Images for object localization
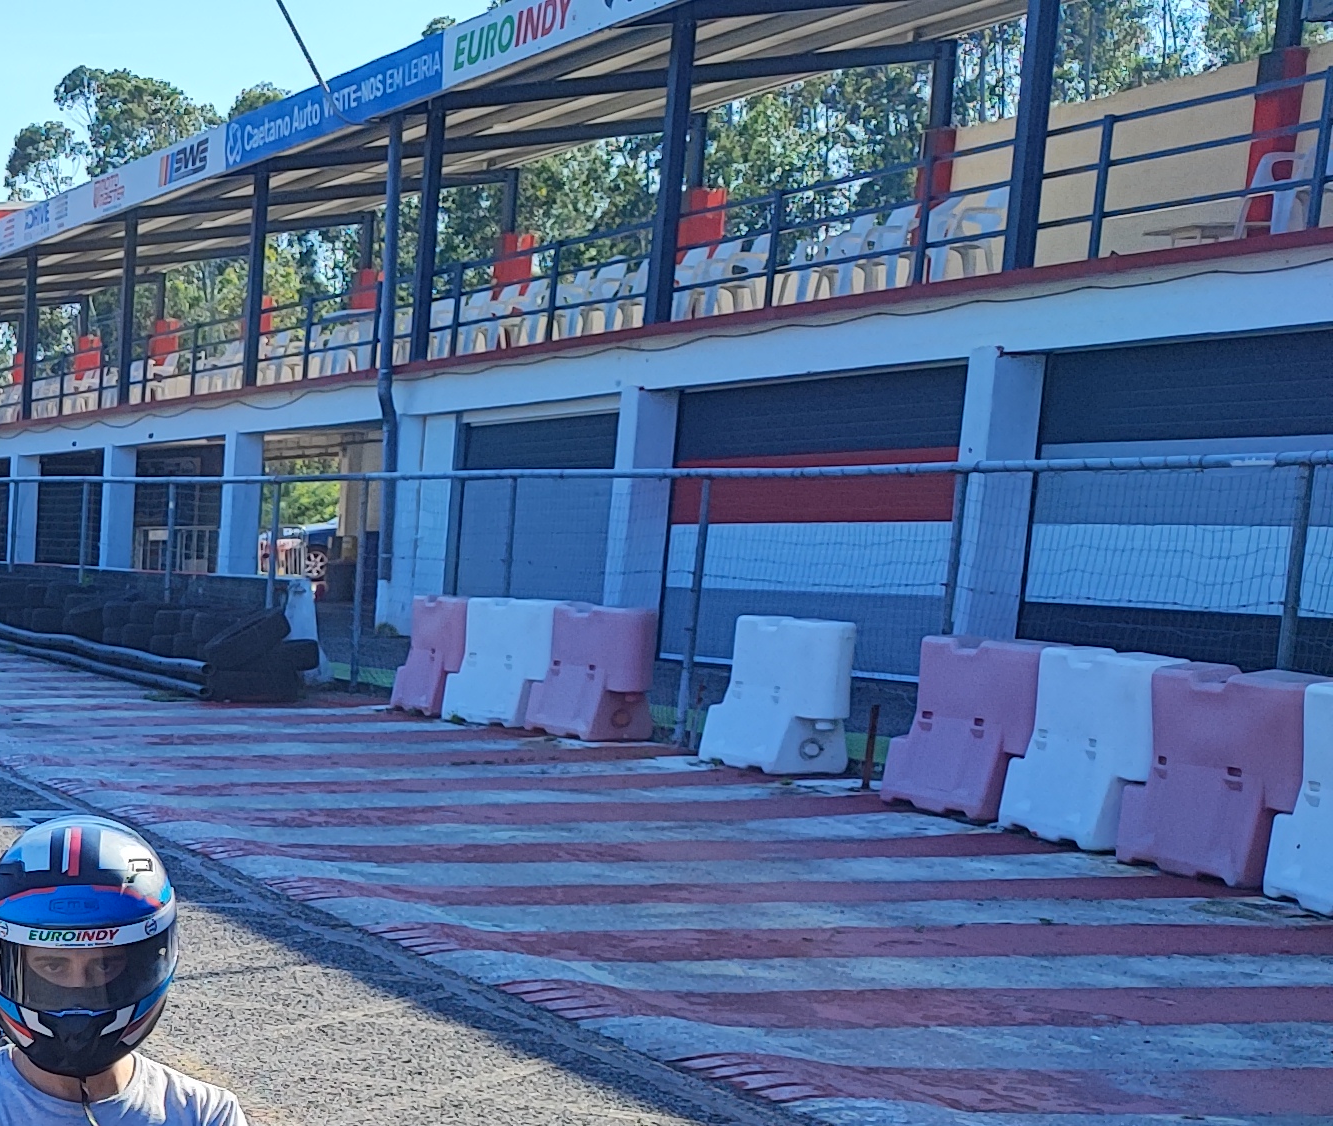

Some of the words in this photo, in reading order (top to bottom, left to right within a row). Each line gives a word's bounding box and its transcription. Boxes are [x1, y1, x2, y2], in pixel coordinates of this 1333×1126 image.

[453, 0, 573, 71] EUROINDY
[244, 115, 291, 151] Caetano
[292, 99, 321, 131] Auto
[386, 65, 403, 94] EM
[404, 50, 442, 86] LEIRIA
[174, 137, 210, 175] SWS
[28, 928, 120, 942] EUROINDY

■ What is needed: Without including any picture, print every record exactly as written above.

■ Reply to the exercise:
Some of the words in this photo, in reading order (top to bottom, left to right within a row). Each line gives a word's bounding box and its transcription. Boxes are [x1, y1, x2, y2], in pixel coordinates of this 1333×1126 image.

[453, 0, 573, 71] EUROINDY
[244, 115, 291, 151] Caetano
[292, 99, 321, 131] Auto
[386, 65, 403, 94] EM
[404, 50, 442, 86] LEIRIA
[174, 137, 210, 175] SWS
[28, 928, 120, 942] EUROINDY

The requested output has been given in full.